Aim
To investigate the biological functions of TNKS2 in NSCLC.
Background
Tankyrase 2 (TNKS2) is a potential candidate molecular target for the prognosis and treatment of non-small cell lung cancer (NSCLC), but its biological functions are unclear.
Conclusion
The obtained results revealed that TNKS2 may serve as an adverse prognostic factor and a potential therapeutic target in NSCLC.
Methods
Using a lentiviral vector, we generated H647 model cells with TNKS2 knockdown by RNA interference and A549 model cells with TNKS2 overexpression by transfection with a TNKS2 overexpressing plasmid. Increased and decreased expression levels of TNKS2 in the two cell lines were verified using real-time reverse transcriptase-polymerase chain reaction and Western blot analyses. Cell apoptosis, proliferation, and migration were determined using flow cytometry, carboxyfluorescein succinimidyl ester staining, and scratch assay, respectively. Immunofluorescence staining was conducted to examine TNKS2 and β-catenin expression levels in the two transfected cell lines and the non-transfected cells.
Results
TNKS2 mRNA and protein expression was significantly higher in the highly malignant NCI-H647 cells, while it remained at a low level in the less malignant A549 cells. Lentivirus-mediated overexpression of TNKS2 in A549 cells resulted in a 3-fold increase in gene expression and a 1.7-fold increase in protein expression (P < 0.01). Conversely, shRNA interference targeting TNKS2 Led to an 8-fold decrease in gene expression and a 3-fold decrease in protein expression (P < 0.01) in NCI-H647 cells.
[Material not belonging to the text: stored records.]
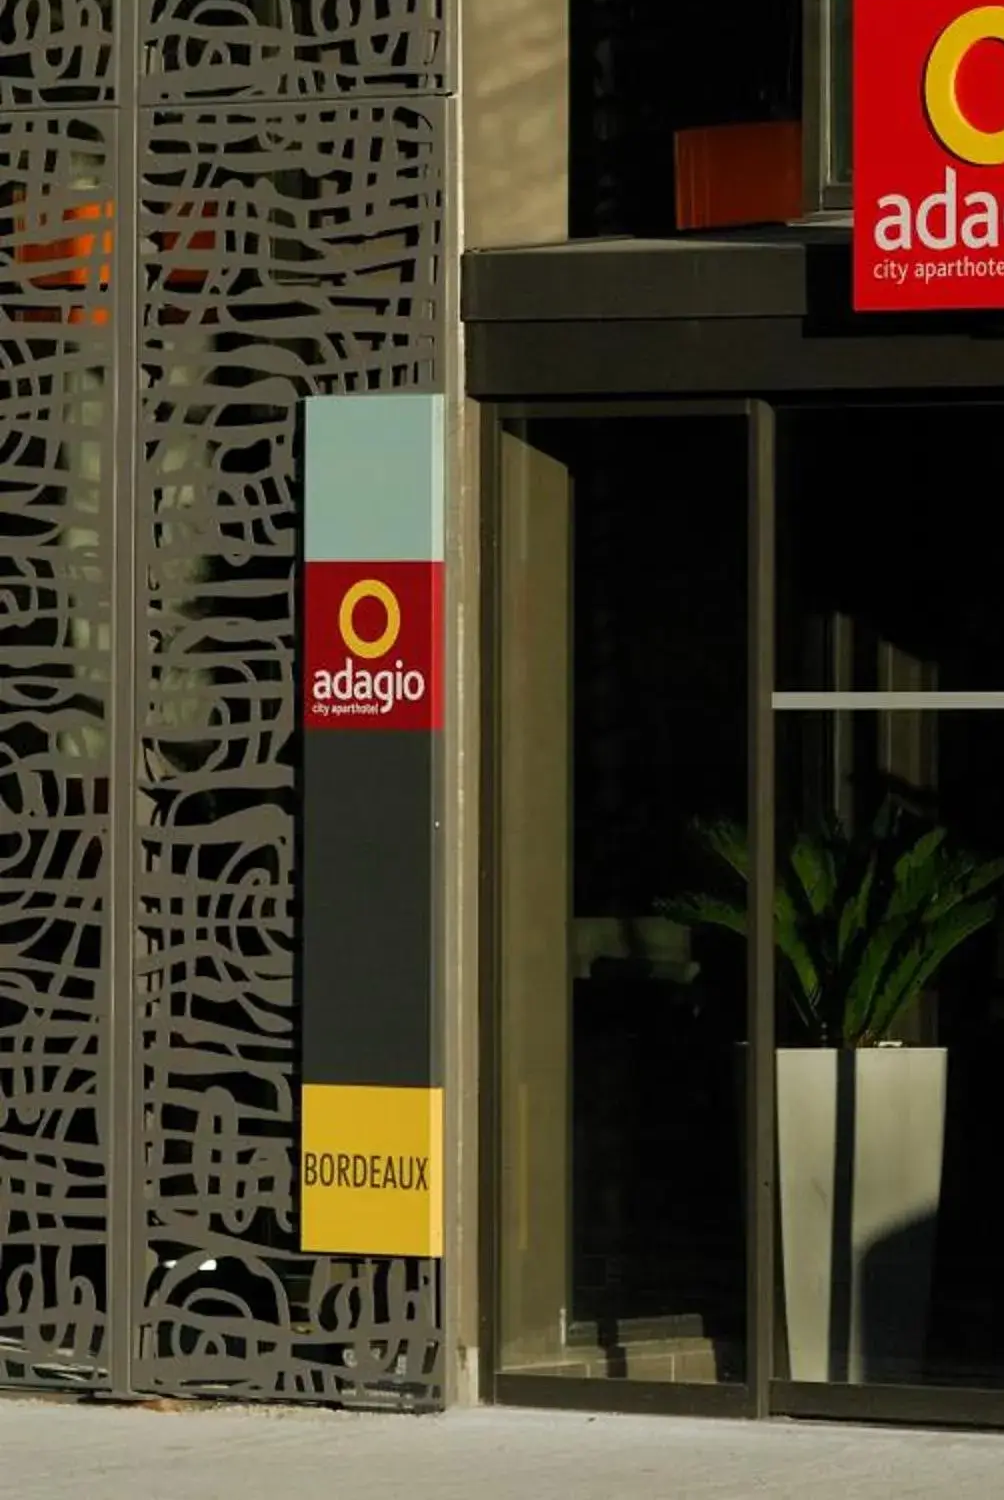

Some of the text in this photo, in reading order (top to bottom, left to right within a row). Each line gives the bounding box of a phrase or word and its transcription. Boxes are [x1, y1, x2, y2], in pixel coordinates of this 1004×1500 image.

[873, 257, 909, 285] city
[312, 656, 426, 714] adagio
[311, 702, 379, 717] city aparthotel
[304, 1152, 429, 1191] BORDEAUX
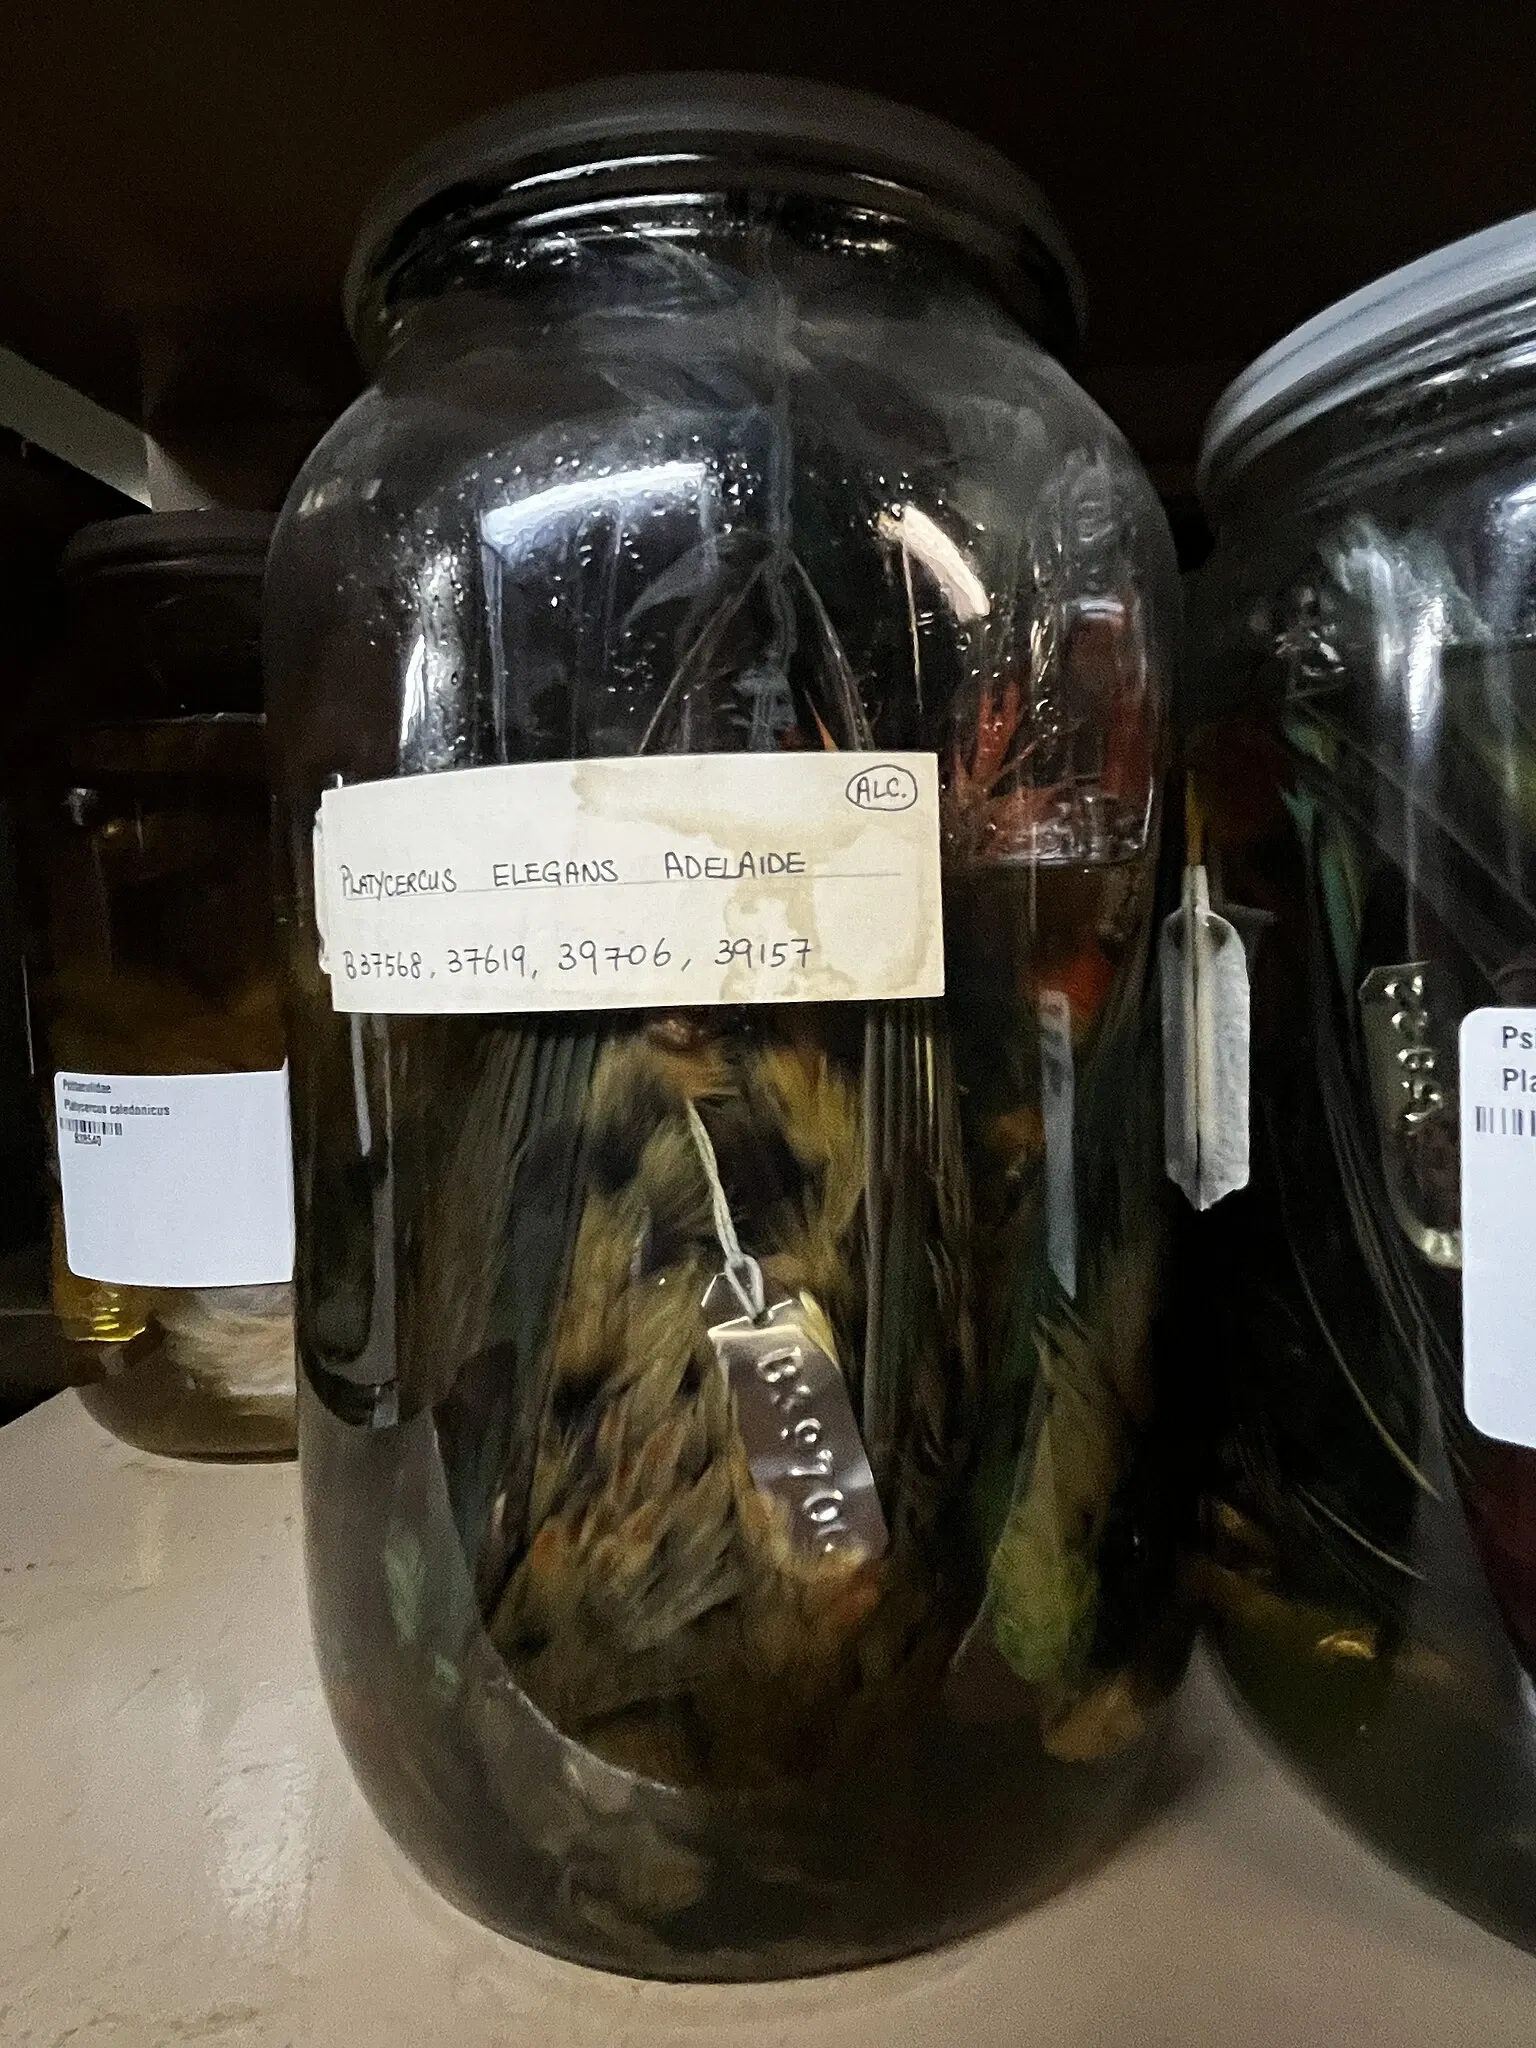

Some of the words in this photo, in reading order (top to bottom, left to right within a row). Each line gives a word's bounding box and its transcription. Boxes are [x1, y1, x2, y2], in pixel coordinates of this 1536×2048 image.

[855, 779, 907, 802] ALC.
[340, 864, 457, 897] PLATYCERCUS
[493, 859, 619, 889] ELEGANS
[665, 851, 806, 880] ADELAIDE
[447, 943, 538, 979] 37619,
[714, 937, 812, 968] 39157
[1502, 1026, 1536, 1049] Ps
Furthermore, the cell apoptosis rate was significantly reduced (50%) and cell migration rate was increased (35%) in the TNKS2 overexpression group than in the control group (P < 0.05). In contrast, shTNKS2 promoted apoptosis by more than one fold and reduced migration by 60% (P < 0.05). Immunofluorescence analysis revealed enhanced nuclear localization of β-catenin fluorescence signal associated with high TNKS2 expression levels. Western blot analysis investigating TNKS2/β-catenin-related proteins indicated consistent changes between TNKS2 and β-catenin expression in lung cancer cells, whereas Axin displayed an opposite trend (P < 0.05).